Before The Cremaster Cycle existed, and long before Kanye West claimed its director as an inspiration, Matthew Barney climbed across the ceiling of Gladstone Gallery in New York for his first show there. That was 25 years ago, in 1991, and now Gladstone is celebrating Barney’s legendary exhibition by more or less restaging it. In honor of that presentation, titled “Facility of DECLINE,” below are excerpts from the ARTnews archives about the early part of the artist’s career.
“Matthew Barney at Barbara Gladstone”
By Norine Dworkin
February 1992
Football, with its premium on bodily contact, has always seemed sexual, and Matthew Barney’s installation bore this out in its gooey, erotic ode to the game. Combining sculpture and video, Barney turned the gallery into his own private training camp as he raised athletic equipment (with a wink to Duchamp) to art status. Cast in wax, petroleum jelly, and tapioca, Barney’s Olympic weights, dumbbells, blocking tackles, and curling bars all became sculpture, exhibited individually and as props in his videos. . . .
Barney’s “gym,” stark white and littered with medical instruments, evoked not a sweaty haven for tussling jocks, but the antiseptic coldness of a hospital. Was Barney couching an AIDS metaphor in the perils of sports, or simply acknowledging the inevitable decline of the body?
Matthew Barney, OTTOshaft, 1992, production still.
While his props are exhibited as art objects, Barney’s installations hinge on his videos. These sequences, episodes in an ongoing epic, revolve around two principal players: Jim Otto, a legendary center for the Los Angeles Raiders in the ’70s (who has appeared in uniform, in drag, and as a satyr), and the great escape artist Houdini. For Barney each personifies a concept that is central to his work—as he puts it, “the way that a body is developed under the will of an athlete. How self-imposed resistance made that possible. Houdini is a great example of someone who took on a self-imposed restraint mechanism as a means to grow creatively.”
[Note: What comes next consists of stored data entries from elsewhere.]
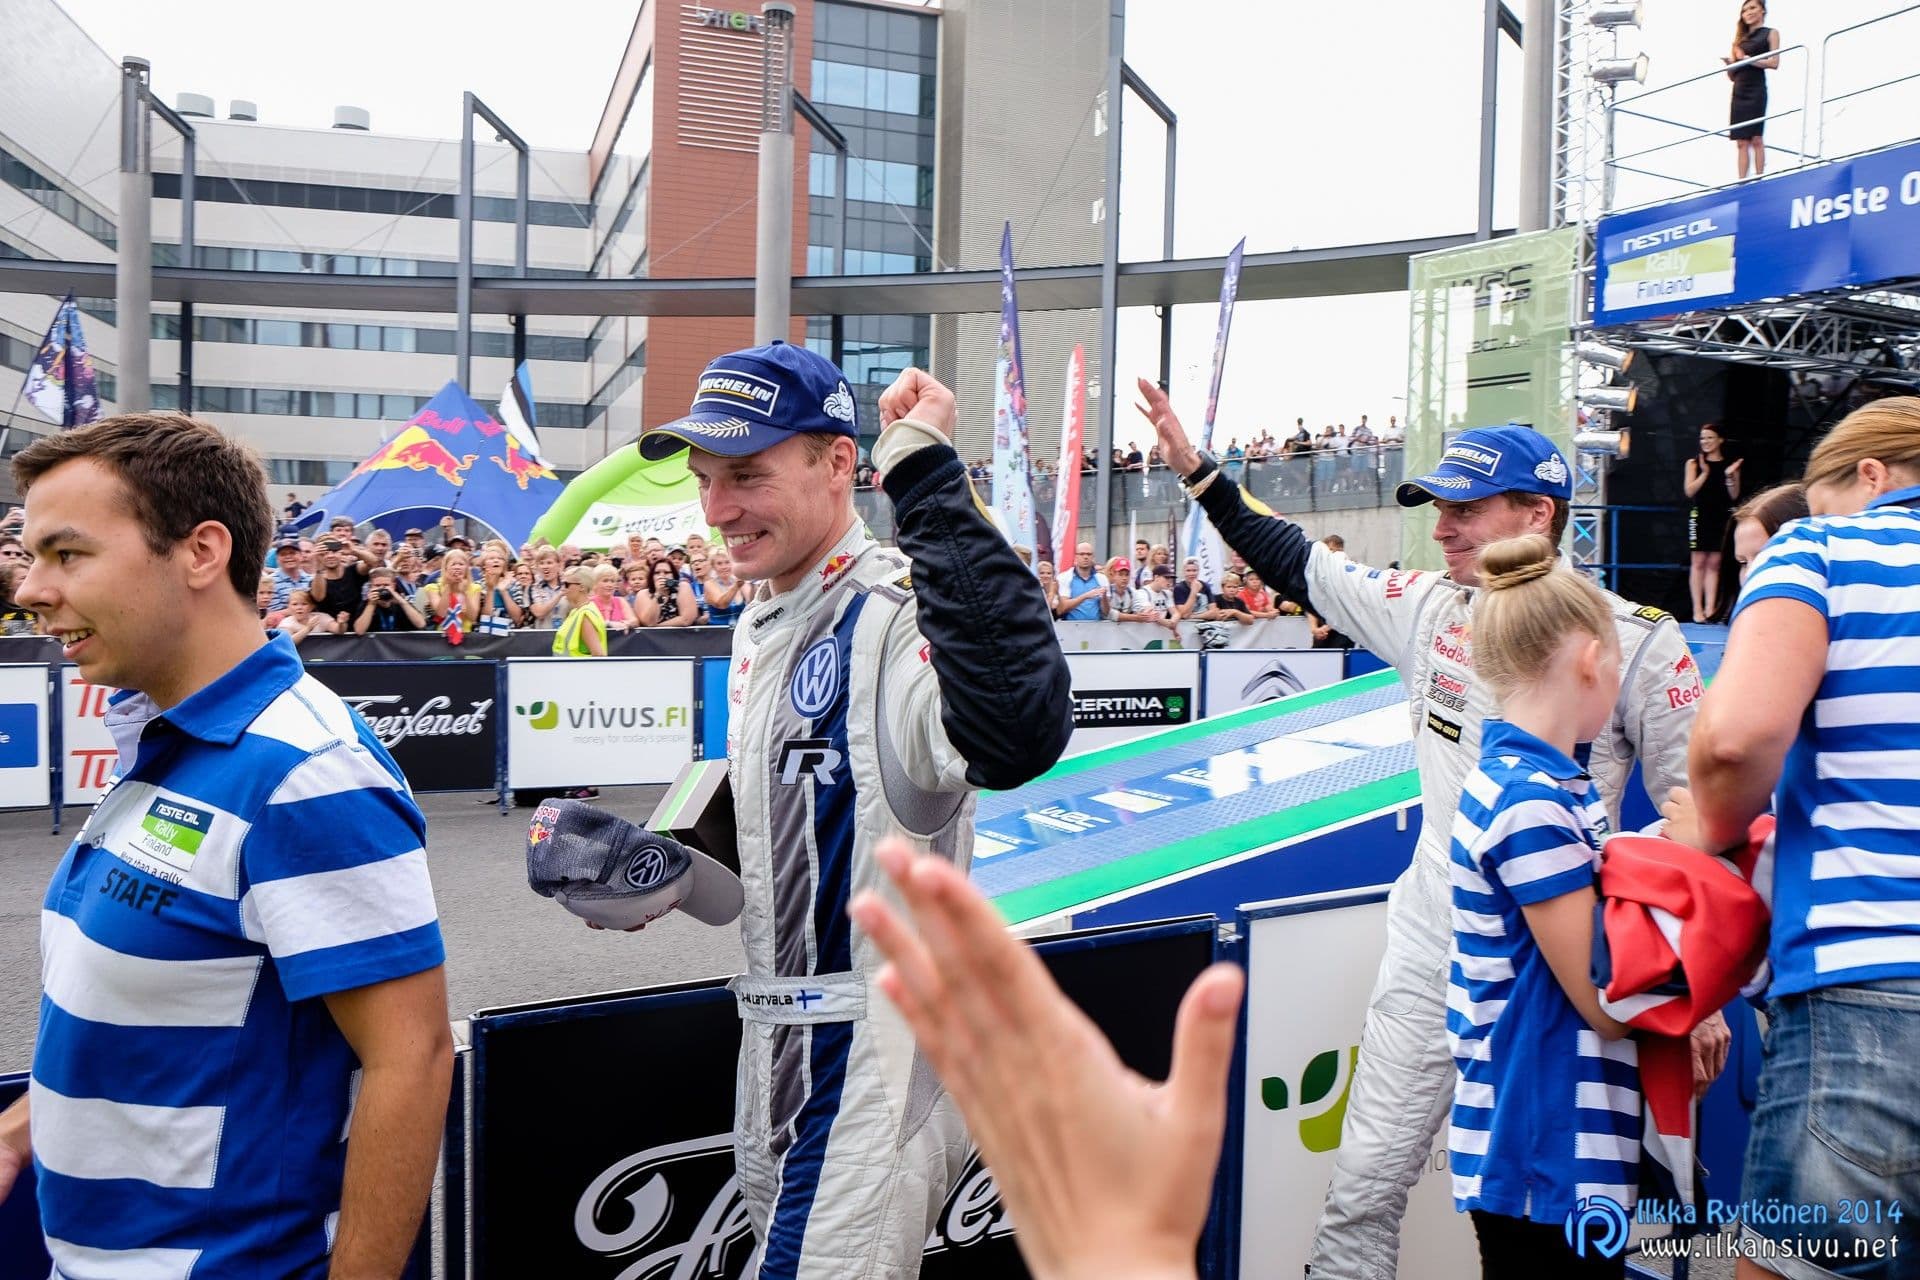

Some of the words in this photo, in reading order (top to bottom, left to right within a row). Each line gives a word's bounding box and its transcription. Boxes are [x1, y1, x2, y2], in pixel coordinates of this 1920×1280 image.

[1790, 186, 1890, 229] Neste
[1646, 250, 1691, 274] Rally
[1637, 276, 1694, 299] Finland
[700, 378, 773, 402] MICHELIN
[1108, 711, 1162, 719] WATCHES
[153, 819, 179, 842] Rally
[142, 833, 173, 857] Finland
[132, 859, 150, 874] than
[99, 867, 178, 917] STAFF
“Top 10 Living Artists: The Wizard of Odd”
By Barbara Pollack
December 1999
“CREMASTER,” a series of films he began showing in 1994, is Barney’s most famous body of work. Instead of merely employing special effects and science-fiction films, Barney creates a personal vocabulary. The film’s title refers to the gland that causes the testicles to retract when exposed to cold, and the series has caused more than a few viewers to shudder. Each highly produced segment evokes the Surrealist films of Luis Buñuel. However, Barney presents his visions as real narratives, not dreams or fantasies. The characters, including those played by the artist, are oddly formed creatures with equally bewildering genitals. Penile racing cars traverse foreign landscapes, and a Goodyear blimp, bearing a resemblance to a vagina, becomes a residence for a harem of color-coded stewardesses. Barney tap-dances his way through the floor of a lighthouse to the water below, then crawls back through a slime-filled tunnel. Though the plots are hardly conventional, the “CREMASTER” films are filled with vivid images difficult to shake from memory.
A “bad boy artist” of the early 1990s, Barney presents manliness as an elusive goal. In Barney’s world, the natural is impossible, as is ideal masculinity. While other artists have started from a similar premise—that gender is the product of civilization, rather than vice versa—Barney pushes this argument further than any of them. Plastic surgery, gene therapy, gym culture, and supermodeling may be standard fare, but Barney shows that these body-altering endeavors have nothing on the artist’s imagination.